Astorial Compendium Vol II

Astorial Compendium Volume II

This volume reprints and collects pretty much all the Astorial Stories I could find for the period 1987-2009, set in the imaginary Astorial Hotel. Some of them first appeared in Fast Fiction magazine and other small press publications.

Where Volume I explores space and depth inside impossibly large rooms, the stories here tend to be a shade more character-based. The backgrounds and settings are more sketchy, while I obviously relished the opportunity to draw the faces and bodies of these assorted grotesques.

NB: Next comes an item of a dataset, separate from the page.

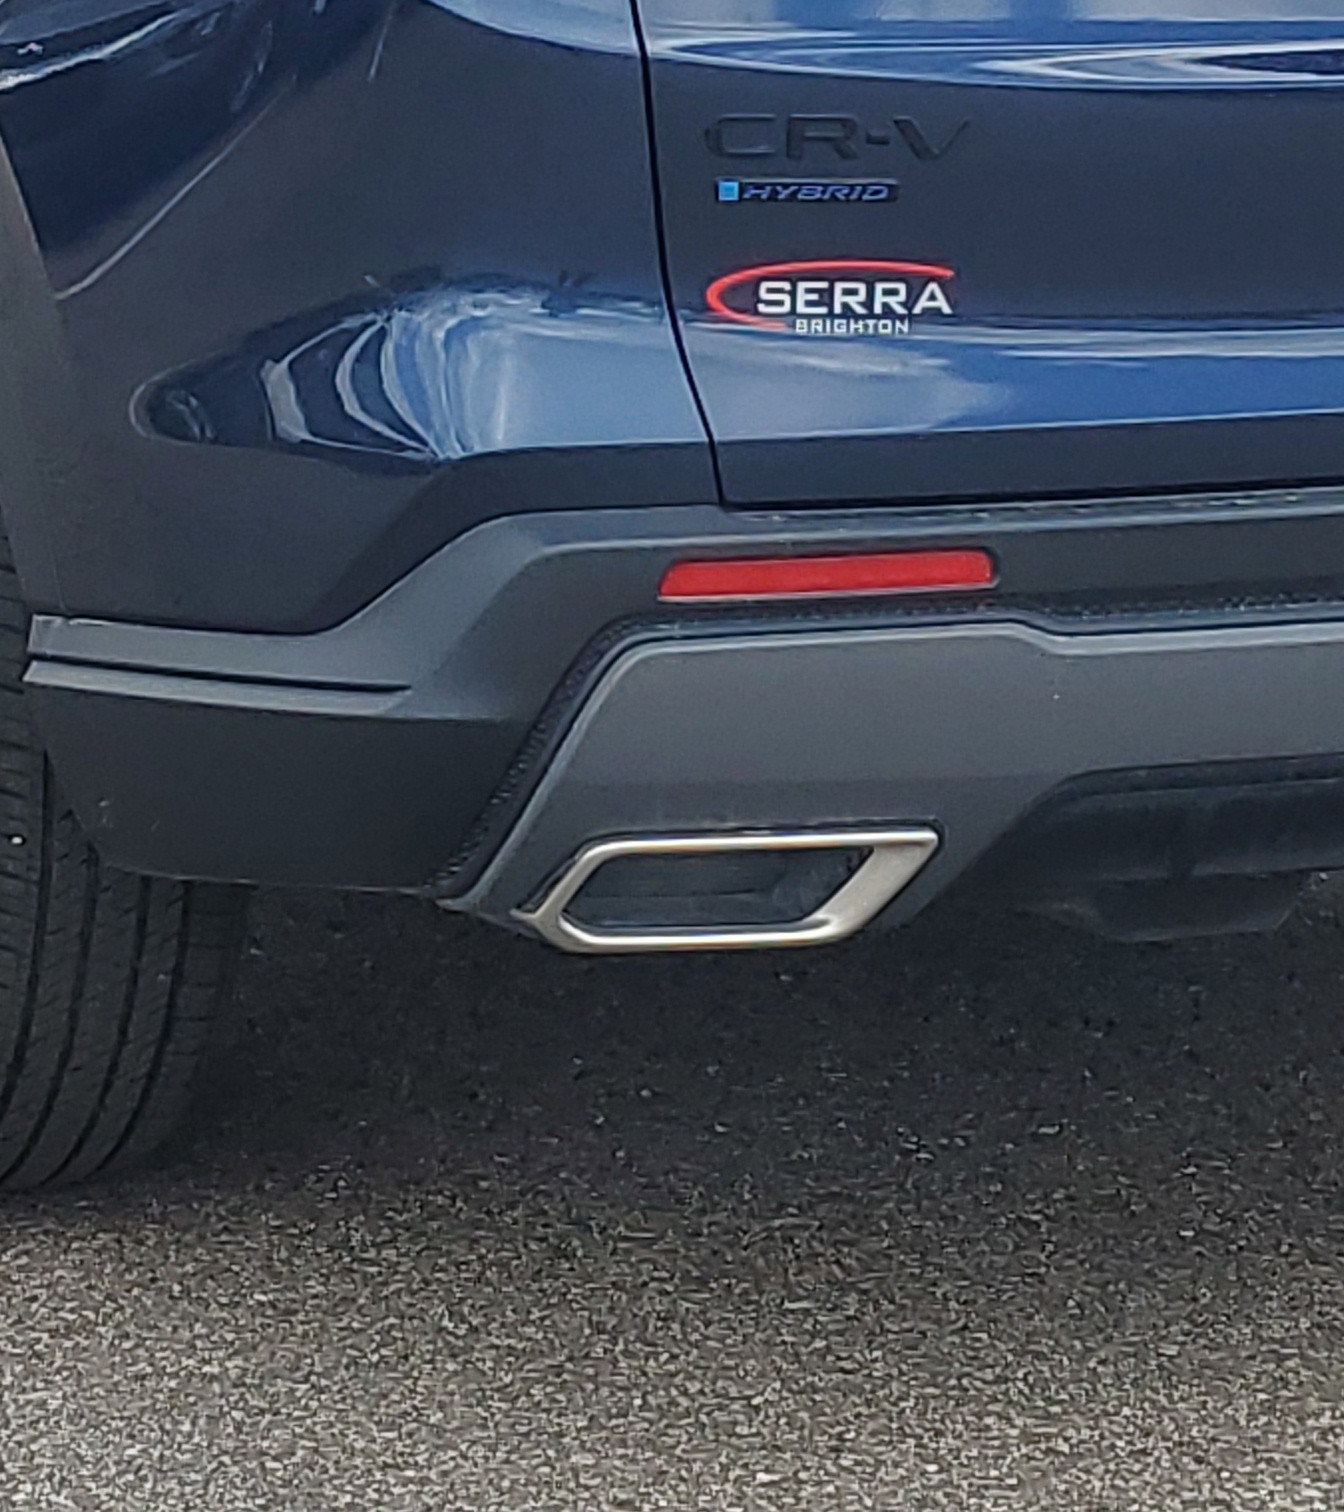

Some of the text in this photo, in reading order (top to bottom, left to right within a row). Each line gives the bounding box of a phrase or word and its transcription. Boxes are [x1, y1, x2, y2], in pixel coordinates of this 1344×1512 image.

[703, 112, 974, 161] CR-V
[742, 184, 890, 202] HYBRID
[756, 279, 954, 315] SERRA
[794, 317, 910, 335] BRIGHTON

There are three stories featuring Reichel Stagg and his changing fortunes. He seems to be one weighed down by many cares and anxieties that keep him awake at night. Ultimately I left him buried under the earth, and attached by tendrils to one of the vegetables that seem to preoccupy him so much. It’s a shame that his liberation proved so short-lived. Incidentally, this story suggests that there’s yet another underground world beneath the Astorial Hotel that’s just as unpredictable and unknown, possibly inhabited by sprites such as Ivan the Troll and his white shadow.

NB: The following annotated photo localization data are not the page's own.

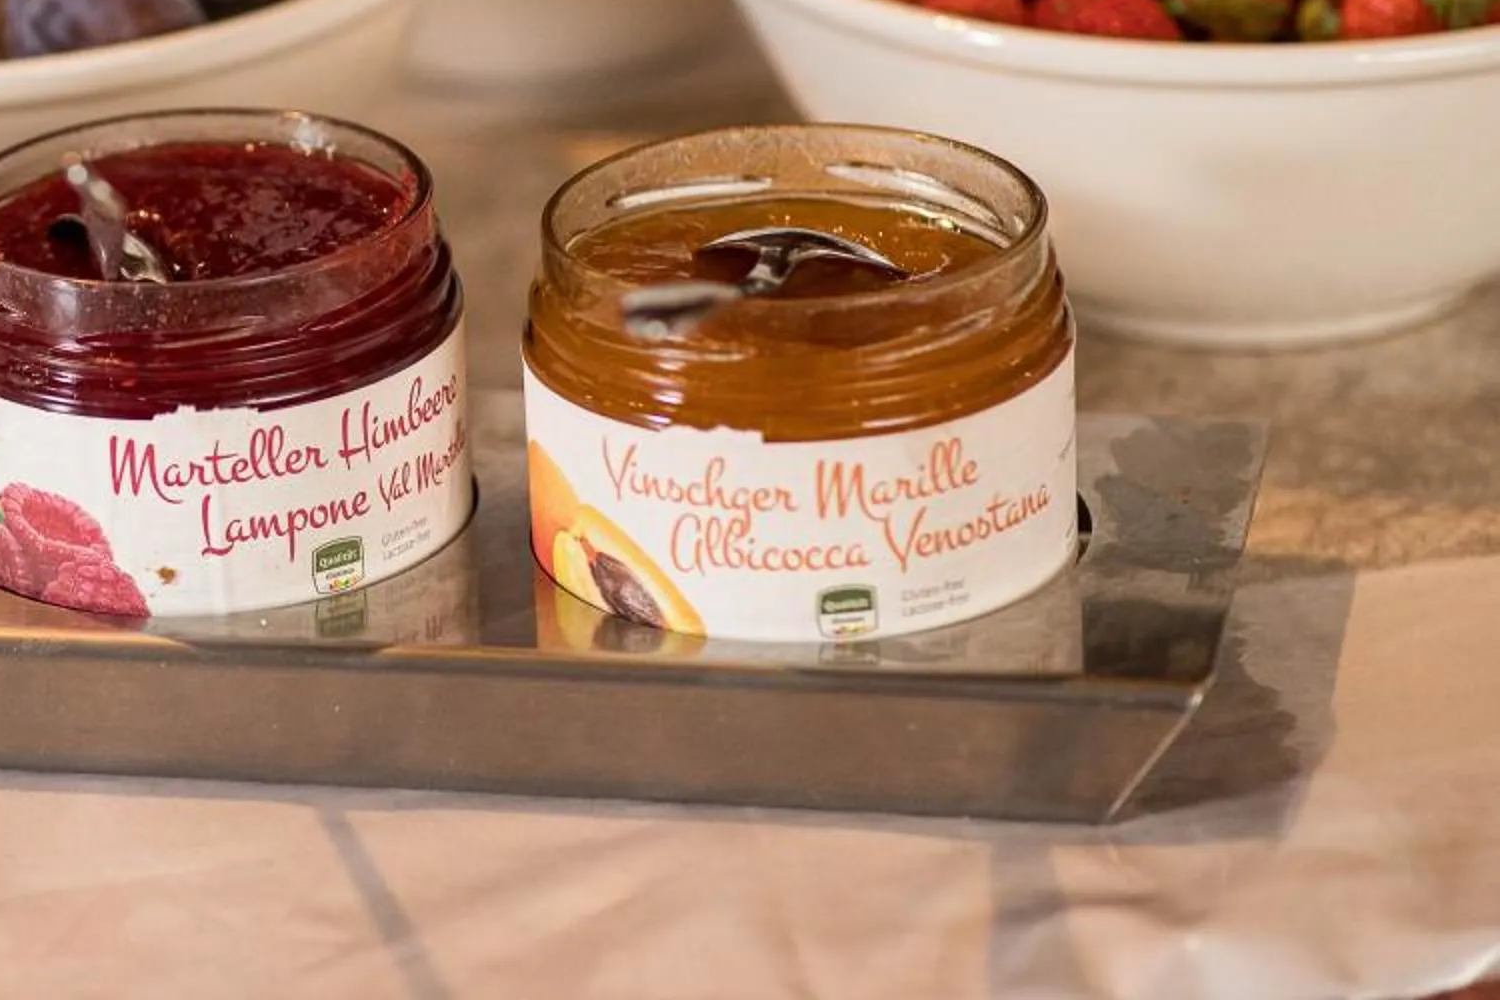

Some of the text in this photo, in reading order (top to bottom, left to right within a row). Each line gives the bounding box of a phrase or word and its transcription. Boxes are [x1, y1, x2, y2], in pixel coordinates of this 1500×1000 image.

[108, 424, 327, 505] Marteller
[200, 489, 371, 563] Lampone
[377, 460, 412, 513] Val
[601, 436, 979, 540] Vinschger Marille
[669, 483, 1053, 577] Albicocca Venostana

The cleaning lady in Hubert The Chemist is based on a real-life person. One of her traits was that she constantly doubted her ability to do anything worthwhile, and lived under a constant cloud of unhappiness. I’ve tried to extend this into a morality tale where she even fails to recognise gold when she finds it, mistaking it for ashes. Hubert is not, I hope, actually as patronising and smug as he appears here; it’s just her perception, as everything she sees is filtered through her own inferiority complex.

Rombo The Clown resulted from a weekend staying at the home  of Phil Elliott – a jam strip where we worked on the same page simultaneously and invented each panel as a response to the previous one. In my mind, Astorial Stories have to follow certain rules and codes, which Phil seemed to understand intuitively, even as he departed from them.

After letting the Astorial theme lie fallow for about 15 years, I suddenly came up with the Arthur Fremantle character. He was much more engaged with the “space” of the Hotel, especially as reflected in his voyage to find gorillas that effectively turns into an exploration of terra incognita, as though he was a jungle explorer. He also turned out to be extremely eccentric, and tragic. Small details of his character traits were inspired by a trip to New York City and sharing a small hotel room. By this time there was also a change in drawing style, moving away from my scratchy-wriggly lines drawn with a pen, instead using a brush for more definite and considered strokes.

I’m still not entirely sure what I mean by “Astorial Is Astral”, but it’s another theme I would like to investigate more deeply some day; there may be one more story in it somewhere. I think it’s something to do with external “astral” entities entering the Hotel from above, and this trope is only faintly suggested by the appearance of The Faceless One.

48pp book, A4 saddle-stitched book, full colour covers on matte stock, interiors on 80# coated paper.